The Invisible Wounds of War: Traumatic Brain Injury Rehabilitation and Veterans
Check out this blog post that I wrote, which originally appeared on the Constant Therapy blog, BrainWire.
In today’s world of advanced technology and weaponry, many of our heroes in the armed forces return home in need of traumatic brain injury (TBI) rehabilitation. In this blog, we focus on defining what exactly traumatic brain injury (TBI) is, how it affects our veterans, and what types of treatment are available.
In recent years, an outcry has arisen for better care for our returning veterans who have been injured in wars overseas. Sometimes, the wounds our warriors have suffered are not easily evident. Armed forces returning with traumatic brain injuries, or TBI, may look, walk, and even act typically. The numbers of our brave men and women returning with TBI has risen in the past 10 years or so from approximately 10,000 in a year to 30,000 in a year (check out the Department of Defense’s Web site). Whether this rise is due to increases in incidence or increases in identification, TBI can be extremely debilitating and demands our attention as a society.
What is traumatic brain injury (TBI)?
Traumatic Brain Injury can occur after any significant, physical damage to the head. This can come in the form of:
an explosion;
objects being knocked into the head;
the impact of slamming a head into an object;
acceleration and deceleration (back and forth movement) – you might see this in whiplash – when this occurs, the brain actually slams into the skull and continues slam back and forth until the acceleration ceases;
or a foreign body penetrating the brain.
The common defining symptoms identifying TBI include:
Lost or decreased level of consciousness
Loss of memory for events immediately before or after the injury
Altered mental state at the time of injury (such as being confused, dazed, disoriented, etc.)
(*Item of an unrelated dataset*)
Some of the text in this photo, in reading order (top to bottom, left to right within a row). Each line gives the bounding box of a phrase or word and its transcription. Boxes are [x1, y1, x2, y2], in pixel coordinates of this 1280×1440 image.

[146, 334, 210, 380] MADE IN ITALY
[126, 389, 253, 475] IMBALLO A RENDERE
Neurological deficits (such as weakness, loss of balance, sensory loss, loss of movement in limbs, difficulty thinking of works, etc.)
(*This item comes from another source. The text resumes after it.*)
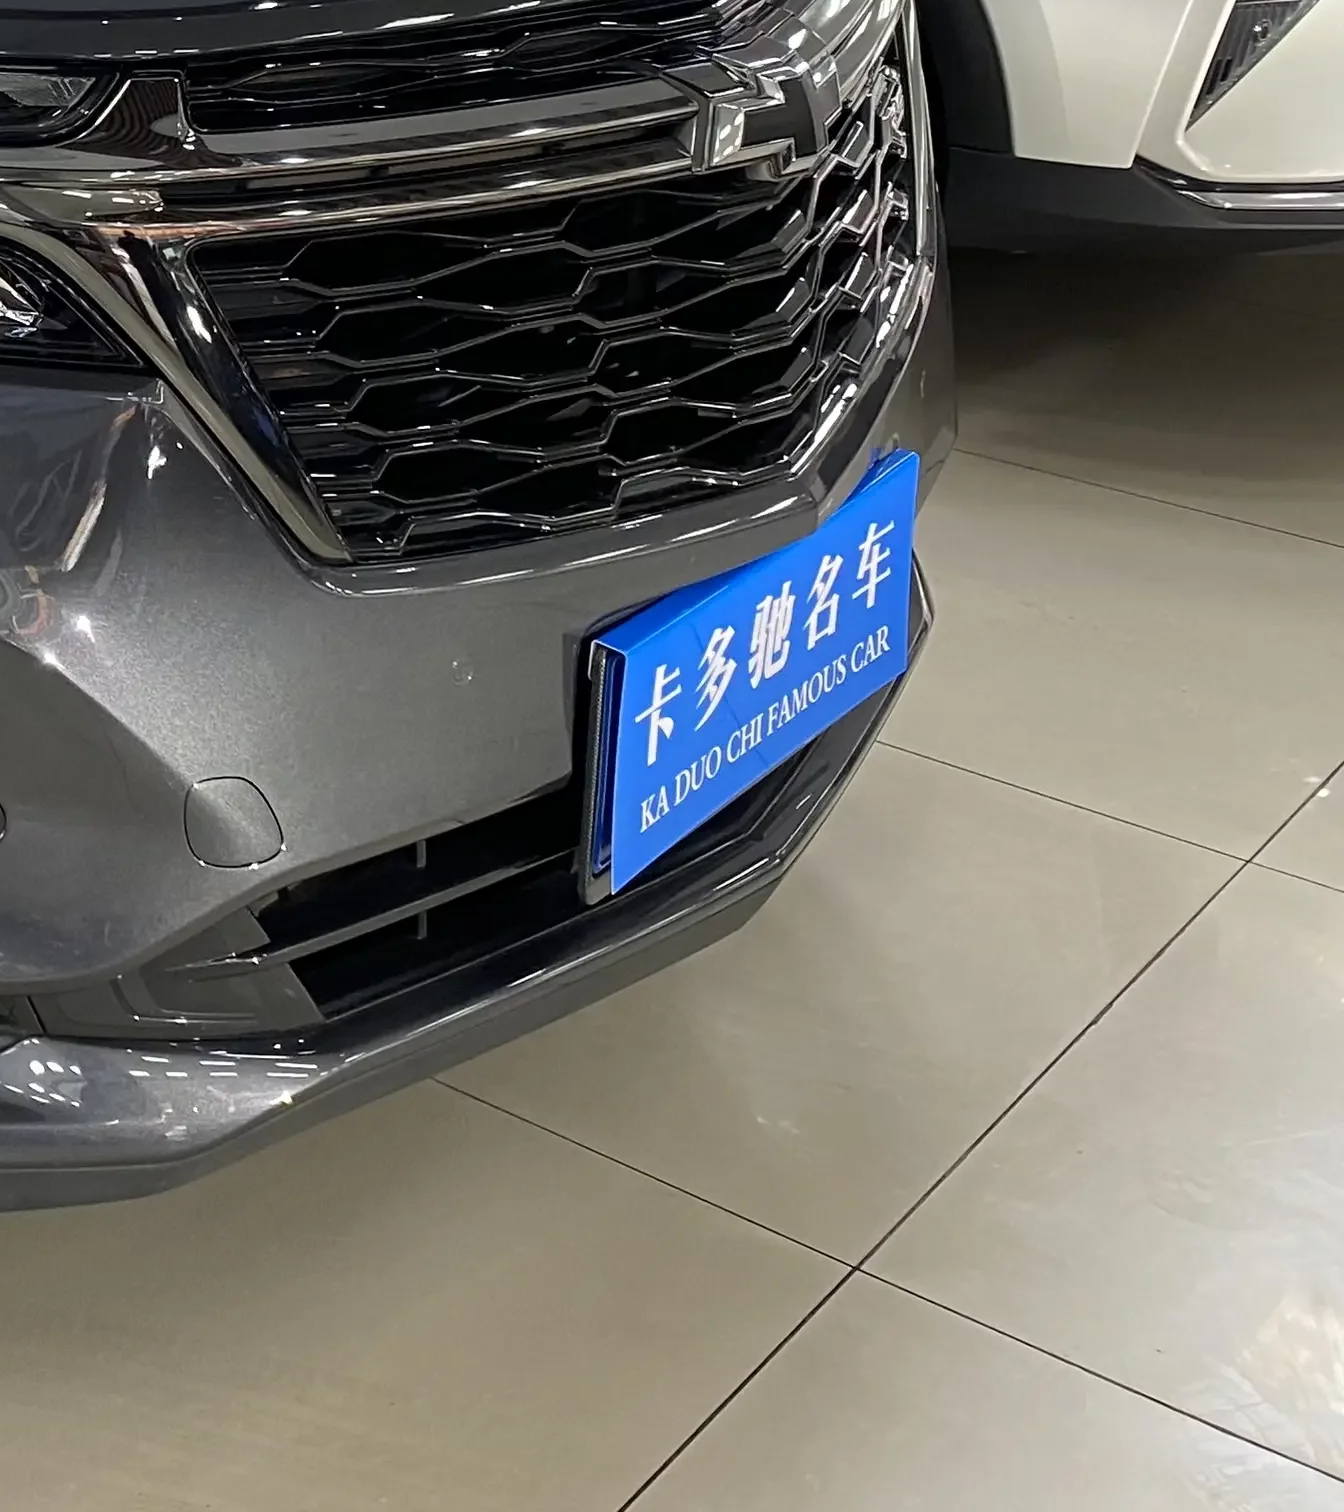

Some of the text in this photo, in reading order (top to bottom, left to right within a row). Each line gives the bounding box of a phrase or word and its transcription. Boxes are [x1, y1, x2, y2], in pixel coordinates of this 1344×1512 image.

Intracranial lesion (a lesion within the brain)
TBI is often called “invisible”, because there are often no visible physical symptoms associated
Yet language and cognitive effects of TBI can be intense. Long-lasting symptoms of TBI include physical, cognitive, and behavioral/emotional symptoms. The American Speech Language and Hearing Association summarizes them to include:
Physical: headache, nausea, vomiting, dizziness, blurred vision, sleep disturbance, weakness, paresis/plegia, sensory loss, spasticity, aphasia, dysphagia, dysarthria, apraxia, balance disorders, disorders of coordination, or seizure disorder.
Cognitive: problems with attention, concentration, memory, speed of processing, new learning, planning, reasoning, judgment, executive control, self-awareness, language, or abstract thinking.
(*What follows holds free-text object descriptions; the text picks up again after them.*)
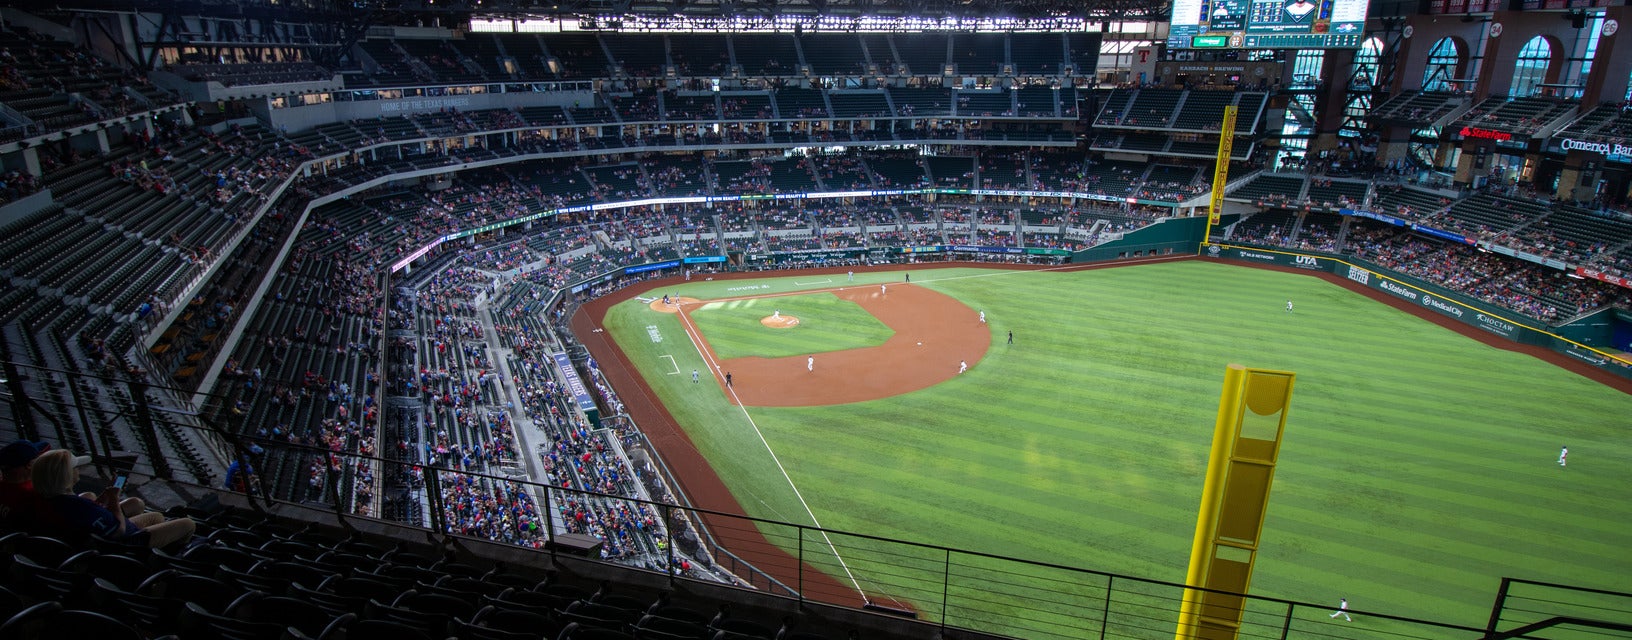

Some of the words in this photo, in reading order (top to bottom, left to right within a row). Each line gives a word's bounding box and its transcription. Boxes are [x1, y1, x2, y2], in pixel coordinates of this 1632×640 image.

[1492, 26, 1501, 35] 34
[1604, 23, 1617, 34] 26
[1138, 50, 1150, 62] T
[381, 102, 400, 111] HOME
[402, 102, 410, 110] OF
[412, 101, 423, 109] THE
[424, 100, 442, 108] TEXAS
[444, 98, 469, 107] RANGERS
[1296, 256, 1317, 266] UTA
[1480, 314, 1514, 332] CHOCTAW
[561, 364, 576, 378] TEXAS
[568, 377, 586, 396] RANGERS
Behavioral/emotional: depression, anxiety, agitation, irritability, impulsivity, or aggression.
Traumatic brain injury and the armed forces
TBI is especially difficult to diagnose in our armed forces, as it is often accompanied and complicated by PTSD (post-traumatic stress disorder) and depression, making it difficult to tease apart which symptoms are secondary to TBI and which are secondary to PTSD. Additionally, the symptoms for these three disorders often overlap. In fact, a study in the New England Journal of Medicine, Dr. Hoge and colleagues surveyed 2525 US Army infantry soldiers returning from Iraq. They found that mild TBI in soldiers returning was strongly associated with PTSD and physical health problems for 3 to 4 months after returning home. The group also found that PTSD and depression play a key role in the association between mild TBI and physical health problems.
Brain injury rehabilitation can help
What can we do? We owe our armed forces the best of care and support, especially when they return home as wounded warriors. Speech-Language Pathologists, and apps like Constant Therapy, can assist in improvement of cognitive and language skills affected by TBI. Clinicians and tools like our app can help with reading comprehension, attention, symbol matching, aphasia, memory, executive control, language comprehension, and expressive language.
TBI is not only an affliction of our armed forces – it impacts people here in the United States each and every day as well.